Carlo, al quale pareva gran gloria che uno re di Francia venissi prigione in Ispagna, rimesse tutto questo negozio al Viceré. Lui, elato di condurre prigione uno tanto principe iinanzi al suo Signore et ancora desiderando satisfare al Re, si volse condurlo in Ispagna, sanza conferirlo né a Borbone né a Pescara che credevono che, quando il Viceré lo levò di Pizzicatone per condurlo a Genova, lo dovessi poi fare imbarcare quivi per Napoli. Ma egli, come l'ebbe in mare [45r], fece voltare le galee al cammino di Barzalona e sei galee del Re vennono da Marsilia a incontrarlo, secondo aveva ordinato Memoransì, in su le quali il Viceré fece montare uomini suoi. Et in pochi giorni tutta questa armata arrivò a Barzalona.
Pescara e Borbone rimasono tanto male contenti, quanto non si potrebbe scrivere, e Pescara, al quale infatto pareva avere dato la vittoria a Cesare, sfidò il Viceré a battaglia chiamandolo traditore.

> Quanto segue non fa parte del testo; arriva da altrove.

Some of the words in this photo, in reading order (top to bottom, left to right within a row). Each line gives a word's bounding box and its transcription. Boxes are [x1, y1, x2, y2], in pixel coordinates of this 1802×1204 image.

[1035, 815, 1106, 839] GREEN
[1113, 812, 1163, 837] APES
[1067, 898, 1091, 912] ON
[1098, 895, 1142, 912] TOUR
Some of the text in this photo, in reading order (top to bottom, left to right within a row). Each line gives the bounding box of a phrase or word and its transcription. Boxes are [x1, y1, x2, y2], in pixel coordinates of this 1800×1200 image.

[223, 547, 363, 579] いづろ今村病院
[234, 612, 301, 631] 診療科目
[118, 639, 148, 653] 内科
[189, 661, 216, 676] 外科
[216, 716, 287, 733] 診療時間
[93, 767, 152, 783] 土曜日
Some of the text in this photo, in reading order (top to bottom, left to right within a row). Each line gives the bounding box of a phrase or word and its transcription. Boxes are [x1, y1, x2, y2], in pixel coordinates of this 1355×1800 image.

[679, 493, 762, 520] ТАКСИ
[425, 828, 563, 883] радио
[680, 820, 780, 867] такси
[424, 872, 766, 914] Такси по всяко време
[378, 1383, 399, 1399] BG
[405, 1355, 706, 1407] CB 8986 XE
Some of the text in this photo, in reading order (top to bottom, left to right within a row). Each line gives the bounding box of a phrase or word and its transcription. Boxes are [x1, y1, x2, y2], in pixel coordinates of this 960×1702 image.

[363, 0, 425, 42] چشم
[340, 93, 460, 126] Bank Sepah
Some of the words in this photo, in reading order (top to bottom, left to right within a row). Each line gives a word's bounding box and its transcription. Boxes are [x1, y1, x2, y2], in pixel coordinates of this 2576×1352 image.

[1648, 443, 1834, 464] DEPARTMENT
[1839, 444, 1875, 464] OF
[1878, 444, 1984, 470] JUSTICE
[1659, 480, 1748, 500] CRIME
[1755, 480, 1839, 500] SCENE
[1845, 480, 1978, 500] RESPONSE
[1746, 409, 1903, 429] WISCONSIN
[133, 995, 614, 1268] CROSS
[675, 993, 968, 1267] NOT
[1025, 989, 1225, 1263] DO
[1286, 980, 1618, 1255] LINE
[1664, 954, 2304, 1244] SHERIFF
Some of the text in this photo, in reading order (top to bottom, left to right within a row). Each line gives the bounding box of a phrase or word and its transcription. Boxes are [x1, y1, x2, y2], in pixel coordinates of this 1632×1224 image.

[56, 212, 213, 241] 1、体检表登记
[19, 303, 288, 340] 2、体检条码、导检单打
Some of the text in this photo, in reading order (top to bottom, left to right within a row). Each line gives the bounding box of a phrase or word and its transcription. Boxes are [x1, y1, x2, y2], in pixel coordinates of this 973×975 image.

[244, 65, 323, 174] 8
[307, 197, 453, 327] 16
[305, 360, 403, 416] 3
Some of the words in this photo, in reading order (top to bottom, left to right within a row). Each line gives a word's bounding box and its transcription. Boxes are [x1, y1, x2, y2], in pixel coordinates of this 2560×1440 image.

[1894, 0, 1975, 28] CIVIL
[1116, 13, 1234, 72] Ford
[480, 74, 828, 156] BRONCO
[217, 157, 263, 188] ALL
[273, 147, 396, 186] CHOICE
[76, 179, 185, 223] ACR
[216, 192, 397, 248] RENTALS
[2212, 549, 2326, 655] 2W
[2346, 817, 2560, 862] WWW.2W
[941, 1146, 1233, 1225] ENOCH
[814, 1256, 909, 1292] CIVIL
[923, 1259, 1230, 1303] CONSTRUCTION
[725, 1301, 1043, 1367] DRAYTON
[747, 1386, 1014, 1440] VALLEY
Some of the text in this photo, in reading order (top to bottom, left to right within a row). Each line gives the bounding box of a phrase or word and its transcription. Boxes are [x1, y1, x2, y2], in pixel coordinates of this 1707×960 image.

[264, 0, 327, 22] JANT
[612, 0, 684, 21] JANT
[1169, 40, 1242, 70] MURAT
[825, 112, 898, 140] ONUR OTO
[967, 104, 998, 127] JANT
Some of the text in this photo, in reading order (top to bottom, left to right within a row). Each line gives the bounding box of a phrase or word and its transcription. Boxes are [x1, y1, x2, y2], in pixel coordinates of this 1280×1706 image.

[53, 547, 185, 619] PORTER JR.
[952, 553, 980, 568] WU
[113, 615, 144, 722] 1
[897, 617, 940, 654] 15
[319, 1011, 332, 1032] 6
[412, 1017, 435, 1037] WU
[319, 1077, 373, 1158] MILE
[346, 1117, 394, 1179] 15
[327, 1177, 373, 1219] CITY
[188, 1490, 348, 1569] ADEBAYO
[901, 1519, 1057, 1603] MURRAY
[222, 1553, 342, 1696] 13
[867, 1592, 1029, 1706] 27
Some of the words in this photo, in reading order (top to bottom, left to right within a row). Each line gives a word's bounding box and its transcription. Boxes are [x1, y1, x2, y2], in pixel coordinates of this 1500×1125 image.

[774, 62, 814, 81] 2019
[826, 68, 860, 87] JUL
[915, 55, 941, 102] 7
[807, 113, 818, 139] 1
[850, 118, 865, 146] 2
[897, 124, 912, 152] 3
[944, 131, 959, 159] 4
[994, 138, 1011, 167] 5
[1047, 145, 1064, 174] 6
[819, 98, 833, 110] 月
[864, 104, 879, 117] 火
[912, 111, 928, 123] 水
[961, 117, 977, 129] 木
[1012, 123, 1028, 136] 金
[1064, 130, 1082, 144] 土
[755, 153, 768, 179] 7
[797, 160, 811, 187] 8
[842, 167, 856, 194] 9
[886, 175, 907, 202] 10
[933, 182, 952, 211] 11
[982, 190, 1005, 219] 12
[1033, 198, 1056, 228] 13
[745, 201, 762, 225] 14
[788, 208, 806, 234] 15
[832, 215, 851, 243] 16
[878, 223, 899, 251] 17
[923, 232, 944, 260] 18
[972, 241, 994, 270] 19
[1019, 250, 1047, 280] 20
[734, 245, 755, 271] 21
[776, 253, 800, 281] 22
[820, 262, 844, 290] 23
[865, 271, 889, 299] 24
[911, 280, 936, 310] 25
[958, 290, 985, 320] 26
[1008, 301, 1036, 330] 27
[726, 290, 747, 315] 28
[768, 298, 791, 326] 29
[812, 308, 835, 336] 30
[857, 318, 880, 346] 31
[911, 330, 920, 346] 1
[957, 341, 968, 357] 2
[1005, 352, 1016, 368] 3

Clemente, oltre a essere male satisfatto delli Cesarei perché non li era ottenuta cosa alcuna del convenuto, era tutto giorno sollecitato da' Veniziani di collegarsi con loro; e la madre del Re lo stimolava con uomini e lettere, promettendoli cose grandi. Il duca di Milano, che aveva molto sopportato in questa guerra, quando credette avere la investitura libera del ducato da Carlo, intese che era venuta nelle mani del Viceré, ma con condizione che non li fussi data, se non pagava ducati secentomila per le spese della guerra e s'obligassi poi a dare ciascuno anno a Ferrando, fratello di Cesare, ducati quindicimila, e che dovessi pigliare e' sali da detto Ferrando per tutto lo stato.